Controlling Avatar Diffusion with Learnable Gaussian Embedding
Xuan Gao, Jingtao Zhou, Dongyu Liu, Yuqi Zhou, Juyong Zhang
TL;DR
This work addresses 3D consistency, temporal coherence, and motion accuracy in diffusion-driven head avatars by introducing a learnable Gaussian embedding that is dense, adaptive, and 3D-consistent, embedded on the UV space of the FLAME head model. It couples a reference-guided diffusion framework with a dual-branch denoising network and a large synthetic multi-view dataset (SphereHead) augmented by real/synthetic labeling to mitigate artifacts.
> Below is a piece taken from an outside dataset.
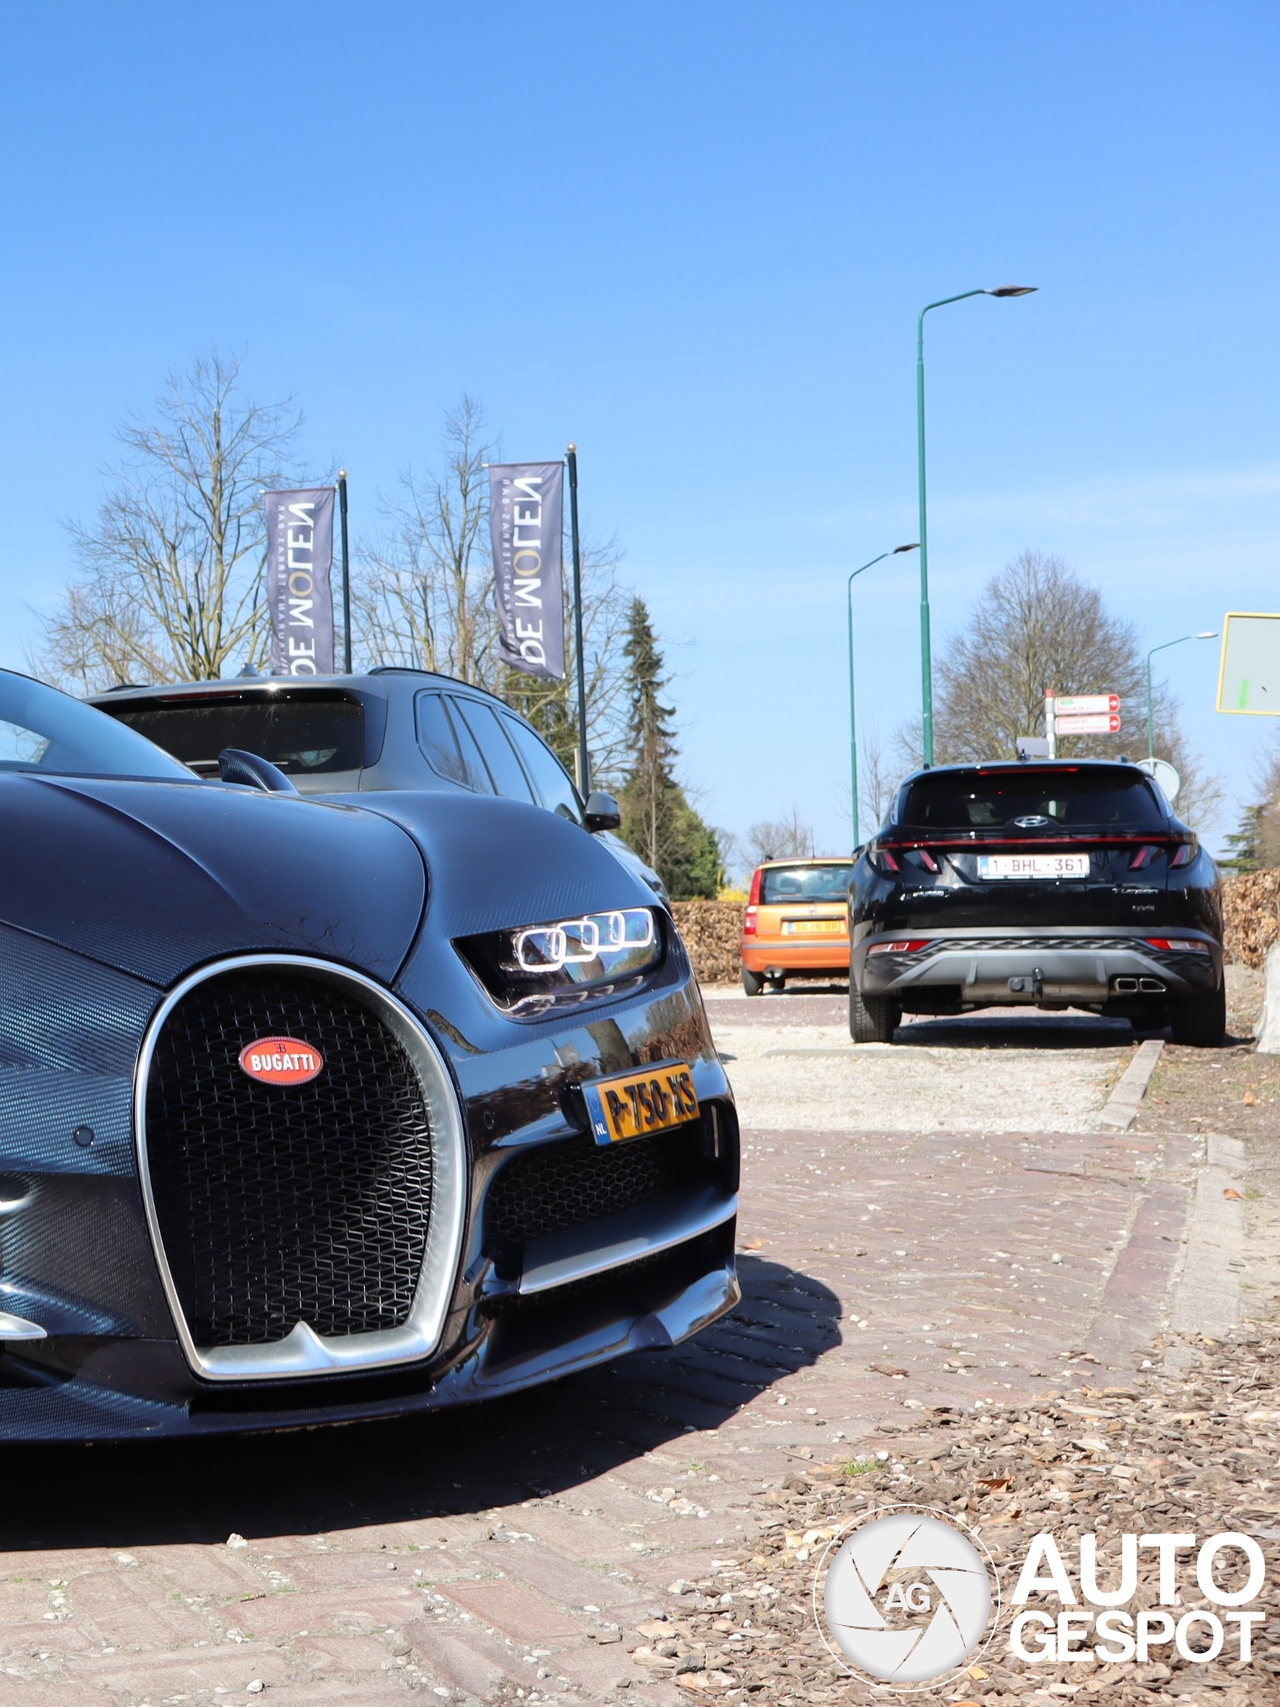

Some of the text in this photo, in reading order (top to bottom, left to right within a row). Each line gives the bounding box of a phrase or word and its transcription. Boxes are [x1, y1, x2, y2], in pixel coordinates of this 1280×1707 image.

[250, 1053, 315, 1072] BUGATTI
[605, 1072, 697, 1137] P-750-XS
[595, 1122, 608, 1136] NL
The proposed Gaussian control signals outperform traditional cues (landmarks, depth, normals) and yield improved realism, expressiveness, and 3D consistency, demonstrated via novel-view synthesis and extensive quantitative comparisons. The approach offers a scalable path to robust, view-consistent 3D head generation and can be extended to broader 3D content creation beyond heads.
Abstract
Recent advances in diffusion models have made significant progress in digital human generation. However, most existing models still struggle to maintain 3D consistency, temporal coherence, and motion accuracy. A key reason for these shortcomings is the limited representation ability of commonly used control signals(e.g., landmarks, depth maps, etc.). In addition, the lack of diversity in identity and pose variations in public datasets further hinders progress in this area. In this paper, we analyze the shortcomings of current control signals and introduce a novel control signal representation that is optimizable, dense, expressive, and 3D consistent. Our method embeds a learnable neural Gaussian onto a parametric head surface, which greatly enhances the consistency and expressiveness of diffusion-based head models. Regarding the dataset, we synthesize a large-scale dataset with multiple poses and identities. In addition, we use real/synthetic labels to effectively distinguish real and synthetic data, minimizing the impact of imperfections in synthetic data on the generated head images. Extensive experiments show that our model outperforms existing methods in terms of realism, expressiveness, and 3D consistency. Our code, synthetic datasets, and pre-trained models will be released in our project page: https://ustc3dv.github.io/Learn2Control/